In related news, I just spent a vile amount on US-to-Canada shipping* to get a print copy of Rise Up Swearing (so far the only compiled volume of AGAHF) and a little pin of Bubbles, the Fed's digital clownfish...avatar? (I'm blanking on the correct word. "Avatar" is applied to something else in that 'verse, though, IIRC. Hmm.)
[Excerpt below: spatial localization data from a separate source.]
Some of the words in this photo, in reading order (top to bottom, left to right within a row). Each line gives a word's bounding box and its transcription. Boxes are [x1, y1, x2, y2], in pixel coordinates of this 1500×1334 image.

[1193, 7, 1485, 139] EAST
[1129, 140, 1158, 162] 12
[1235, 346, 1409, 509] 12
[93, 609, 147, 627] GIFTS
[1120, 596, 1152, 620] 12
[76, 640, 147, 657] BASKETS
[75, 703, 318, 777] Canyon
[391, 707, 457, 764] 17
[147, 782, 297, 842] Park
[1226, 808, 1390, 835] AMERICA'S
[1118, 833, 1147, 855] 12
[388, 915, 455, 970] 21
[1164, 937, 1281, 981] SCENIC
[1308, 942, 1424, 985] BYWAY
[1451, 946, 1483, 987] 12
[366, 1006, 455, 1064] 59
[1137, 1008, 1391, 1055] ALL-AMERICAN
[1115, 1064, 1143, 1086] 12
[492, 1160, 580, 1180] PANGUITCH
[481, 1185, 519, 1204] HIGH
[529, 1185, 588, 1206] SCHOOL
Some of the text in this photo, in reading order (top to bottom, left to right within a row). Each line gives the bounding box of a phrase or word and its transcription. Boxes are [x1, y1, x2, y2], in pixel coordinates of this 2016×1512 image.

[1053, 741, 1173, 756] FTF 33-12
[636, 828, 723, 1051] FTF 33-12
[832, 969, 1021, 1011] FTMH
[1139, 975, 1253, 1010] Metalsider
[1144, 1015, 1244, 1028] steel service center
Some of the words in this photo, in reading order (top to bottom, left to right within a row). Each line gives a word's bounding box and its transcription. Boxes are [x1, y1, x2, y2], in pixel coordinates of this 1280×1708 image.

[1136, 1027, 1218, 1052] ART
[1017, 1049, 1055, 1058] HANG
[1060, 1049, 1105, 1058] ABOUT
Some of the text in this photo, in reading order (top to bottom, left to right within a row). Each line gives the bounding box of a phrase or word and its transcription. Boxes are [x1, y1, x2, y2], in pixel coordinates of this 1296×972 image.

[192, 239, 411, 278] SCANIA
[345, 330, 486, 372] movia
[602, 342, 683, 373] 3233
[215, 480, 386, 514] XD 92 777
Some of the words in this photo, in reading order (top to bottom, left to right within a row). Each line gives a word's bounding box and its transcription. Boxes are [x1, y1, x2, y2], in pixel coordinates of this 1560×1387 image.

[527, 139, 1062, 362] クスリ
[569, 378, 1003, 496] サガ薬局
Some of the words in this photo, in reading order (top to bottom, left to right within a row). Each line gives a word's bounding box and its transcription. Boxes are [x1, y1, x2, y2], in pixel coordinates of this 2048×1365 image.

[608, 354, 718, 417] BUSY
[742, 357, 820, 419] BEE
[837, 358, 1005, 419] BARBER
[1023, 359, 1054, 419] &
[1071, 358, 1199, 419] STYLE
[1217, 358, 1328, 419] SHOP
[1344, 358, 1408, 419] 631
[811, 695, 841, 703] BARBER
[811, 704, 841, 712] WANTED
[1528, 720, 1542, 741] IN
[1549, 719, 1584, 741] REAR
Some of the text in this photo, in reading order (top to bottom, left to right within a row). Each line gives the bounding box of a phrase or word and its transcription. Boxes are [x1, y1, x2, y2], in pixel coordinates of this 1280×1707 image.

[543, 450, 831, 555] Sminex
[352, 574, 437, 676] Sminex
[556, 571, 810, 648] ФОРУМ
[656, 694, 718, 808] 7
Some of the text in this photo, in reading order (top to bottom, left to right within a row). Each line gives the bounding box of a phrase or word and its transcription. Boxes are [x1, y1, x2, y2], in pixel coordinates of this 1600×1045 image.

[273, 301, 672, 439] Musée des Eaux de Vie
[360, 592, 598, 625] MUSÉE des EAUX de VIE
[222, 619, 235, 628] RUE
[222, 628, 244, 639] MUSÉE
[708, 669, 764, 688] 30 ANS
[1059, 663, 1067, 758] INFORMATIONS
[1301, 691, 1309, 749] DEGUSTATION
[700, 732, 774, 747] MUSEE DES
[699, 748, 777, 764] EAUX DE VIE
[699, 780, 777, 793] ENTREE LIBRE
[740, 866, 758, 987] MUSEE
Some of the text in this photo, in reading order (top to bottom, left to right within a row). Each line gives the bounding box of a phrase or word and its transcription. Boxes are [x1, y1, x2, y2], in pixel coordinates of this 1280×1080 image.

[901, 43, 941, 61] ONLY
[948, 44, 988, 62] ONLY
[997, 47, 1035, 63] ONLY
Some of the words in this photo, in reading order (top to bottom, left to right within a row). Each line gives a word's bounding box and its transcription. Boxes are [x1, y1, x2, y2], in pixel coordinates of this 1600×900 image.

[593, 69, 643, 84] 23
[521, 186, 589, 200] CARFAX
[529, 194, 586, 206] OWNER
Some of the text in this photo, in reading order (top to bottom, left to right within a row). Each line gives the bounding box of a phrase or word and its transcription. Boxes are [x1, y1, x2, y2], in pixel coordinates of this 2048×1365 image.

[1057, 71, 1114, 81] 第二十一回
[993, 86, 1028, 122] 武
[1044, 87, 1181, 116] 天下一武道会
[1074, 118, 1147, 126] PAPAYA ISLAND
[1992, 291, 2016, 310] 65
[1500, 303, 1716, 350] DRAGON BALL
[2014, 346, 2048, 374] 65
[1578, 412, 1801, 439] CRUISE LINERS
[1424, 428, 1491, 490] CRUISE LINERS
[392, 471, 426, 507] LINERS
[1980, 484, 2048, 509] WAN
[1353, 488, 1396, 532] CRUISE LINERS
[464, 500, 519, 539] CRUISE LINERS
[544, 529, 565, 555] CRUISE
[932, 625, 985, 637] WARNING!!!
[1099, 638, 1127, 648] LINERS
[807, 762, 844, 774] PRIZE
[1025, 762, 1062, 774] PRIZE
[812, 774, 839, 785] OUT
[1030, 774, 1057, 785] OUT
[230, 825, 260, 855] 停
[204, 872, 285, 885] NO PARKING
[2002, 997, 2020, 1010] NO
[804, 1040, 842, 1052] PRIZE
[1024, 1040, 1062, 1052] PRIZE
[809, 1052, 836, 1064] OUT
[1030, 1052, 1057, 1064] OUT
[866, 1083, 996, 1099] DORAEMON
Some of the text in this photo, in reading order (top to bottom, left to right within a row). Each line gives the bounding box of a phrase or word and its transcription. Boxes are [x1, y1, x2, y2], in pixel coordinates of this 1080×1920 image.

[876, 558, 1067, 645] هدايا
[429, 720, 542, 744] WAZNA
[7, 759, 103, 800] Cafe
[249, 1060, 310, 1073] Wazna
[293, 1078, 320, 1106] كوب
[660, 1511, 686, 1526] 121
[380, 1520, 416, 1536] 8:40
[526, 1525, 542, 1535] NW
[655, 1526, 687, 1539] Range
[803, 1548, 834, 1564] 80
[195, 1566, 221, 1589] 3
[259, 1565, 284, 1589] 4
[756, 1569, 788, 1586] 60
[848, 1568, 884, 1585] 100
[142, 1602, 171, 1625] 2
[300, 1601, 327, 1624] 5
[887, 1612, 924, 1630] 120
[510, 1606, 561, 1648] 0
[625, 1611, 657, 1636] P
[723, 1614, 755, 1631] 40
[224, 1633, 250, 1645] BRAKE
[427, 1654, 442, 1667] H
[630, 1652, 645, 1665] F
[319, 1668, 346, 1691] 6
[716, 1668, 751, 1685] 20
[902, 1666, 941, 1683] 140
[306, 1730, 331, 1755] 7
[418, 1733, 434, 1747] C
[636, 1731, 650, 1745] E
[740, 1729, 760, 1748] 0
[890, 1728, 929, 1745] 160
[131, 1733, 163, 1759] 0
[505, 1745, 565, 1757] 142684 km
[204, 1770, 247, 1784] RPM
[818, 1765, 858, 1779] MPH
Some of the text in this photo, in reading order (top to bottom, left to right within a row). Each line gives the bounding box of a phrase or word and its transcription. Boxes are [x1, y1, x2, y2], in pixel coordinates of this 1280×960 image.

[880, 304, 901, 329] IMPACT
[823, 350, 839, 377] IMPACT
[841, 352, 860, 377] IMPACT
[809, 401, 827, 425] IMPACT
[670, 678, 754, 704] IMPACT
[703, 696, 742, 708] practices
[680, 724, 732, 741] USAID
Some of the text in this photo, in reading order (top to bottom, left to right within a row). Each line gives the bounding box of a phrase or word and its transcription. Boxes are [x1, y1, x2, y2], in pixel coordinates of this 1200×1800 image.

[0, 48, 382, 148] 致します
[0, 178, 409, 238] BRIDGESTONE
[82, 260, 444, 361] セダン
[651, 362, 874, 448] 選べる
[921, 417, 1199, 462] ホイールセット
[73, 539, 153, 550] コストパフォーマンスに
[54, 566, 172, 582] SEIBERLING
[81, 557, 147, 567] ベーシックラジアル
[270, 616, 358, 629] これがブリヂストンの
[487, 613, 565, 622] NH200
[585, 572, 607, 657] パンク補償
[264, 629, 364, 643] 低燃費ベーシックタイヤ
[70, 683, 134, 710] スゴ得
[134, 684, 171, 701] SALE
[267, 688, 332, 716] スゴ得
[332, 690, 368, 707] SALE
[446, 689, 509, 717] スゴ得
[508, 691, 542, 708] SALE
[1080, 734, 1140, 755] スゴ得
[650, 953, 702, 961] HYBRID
I was spared having to decide, in this time of "yes, I swear, I'm trying to cut back on spending", whether I was going to get a "Literalists do it with their genitals!" shirt; the shirt is currently unavailable (as in, no longer showing up on the site at all, not just out of stock). My wallet is grateful.
*Ordered directly from the AGAHF store, and she was as appalled as I was at the shipping cost. It wasn't surprising, though.
The first week at Casual Job is over--all two days of it! (Four hours yesterday and eight today.) I'm having some tech frustration at the office that would take ages to type up and is not terribly interesting, but I'll say that I really, really hope the person who sometimes does on-site IT support for us is around on Monday, because WOW, calling the help desk was useless. -_-
So far at Hal-Con I've seen several people wearing geeky shirts from stories I know, and things like a Sailor Saturn costume down in the mall food court. (A moment of respectful silence for the food court workers this weekend, who'll be slammed.) But the best was when Ginny and I were running down from work to get lunch and ran into someone in Tohru cosplay! The cosplayer mentioned that she was off to get her Yuki and Kyo, but Ginny and I were then unsure if she'd meant plushies of the boys in their cursed forms or fellow cosplayers.